The project is believed to have cost more than 100 million yuan, about 20 per cent of the city's total fiscal revenue for 2012.

A private property development company helped finance the construction, local news reported. In exchange, the developer obtained rights to parcels of land totalling hundreds of thousands of square metres, which it is using for villas priced at about 3,500 yuan per square metre.

"Though the construction money might not come directly from public finances, the land trade should still be regarded as a misuse of public funds," Du said. "The money should be used to improve people's livelihood, not to build office buildings."

Officials from the city's publicity and poverty alleviation departments declined requests to be interviewed .

Hailun's case is not uncommon.
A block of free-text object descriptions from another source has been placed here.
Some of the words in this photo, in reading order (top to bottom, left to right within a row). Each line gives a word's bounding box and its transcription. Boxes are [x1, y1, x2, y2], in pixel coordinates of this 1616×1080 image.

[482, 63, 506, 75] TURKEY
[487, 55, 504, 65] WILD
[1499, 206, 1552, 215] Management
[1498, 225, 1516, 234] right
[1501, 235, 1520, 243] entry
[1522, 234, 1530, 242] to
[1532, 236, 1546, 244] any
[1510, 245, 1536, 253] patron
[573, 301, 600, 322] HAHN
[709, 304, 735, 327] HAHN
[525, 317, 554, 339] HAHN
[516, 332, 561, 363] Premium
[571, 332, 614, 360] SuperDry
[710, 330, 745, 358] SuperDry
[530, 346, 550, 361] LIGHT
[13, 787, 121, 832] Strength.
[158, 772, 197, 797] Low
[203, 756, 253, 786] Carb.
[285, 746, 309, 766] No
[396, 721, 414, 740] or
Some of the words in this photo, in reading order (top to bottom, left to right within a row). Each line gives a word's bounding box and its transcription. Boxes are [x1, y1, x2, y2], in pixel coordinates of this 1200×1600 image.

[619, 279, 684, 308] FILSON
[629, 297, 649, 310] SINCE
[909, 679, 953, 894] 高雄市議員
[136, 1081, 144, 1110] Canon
A recent National Audit Office report on 19 counties on the list, which had received 3.9 billion yuan over the past three years, found that at least 234 million yuan had been misused through false declarations of expenses, embezzlement or waste. Some 137 people are being investigated.

Lawmakers questioned some aspects of the system at a meeting of the National People's Congress Standing Committee in late December. "Some poor farmers would rather stay on the list to get subsidies, while some poor counties even celebrate publicly when deemed to be a 'poverty-stricken county'," Xinhua cited lawmaker Gu Shengzu as saying.

Liu Yongfu, director of the State Council Leading Group Office of Poverty Alleviation and Development, vowed to set up a mechanism to identify counties that could be moved off the list. He also pledged to refine the system so that funds went to directly to raising people out of poverty.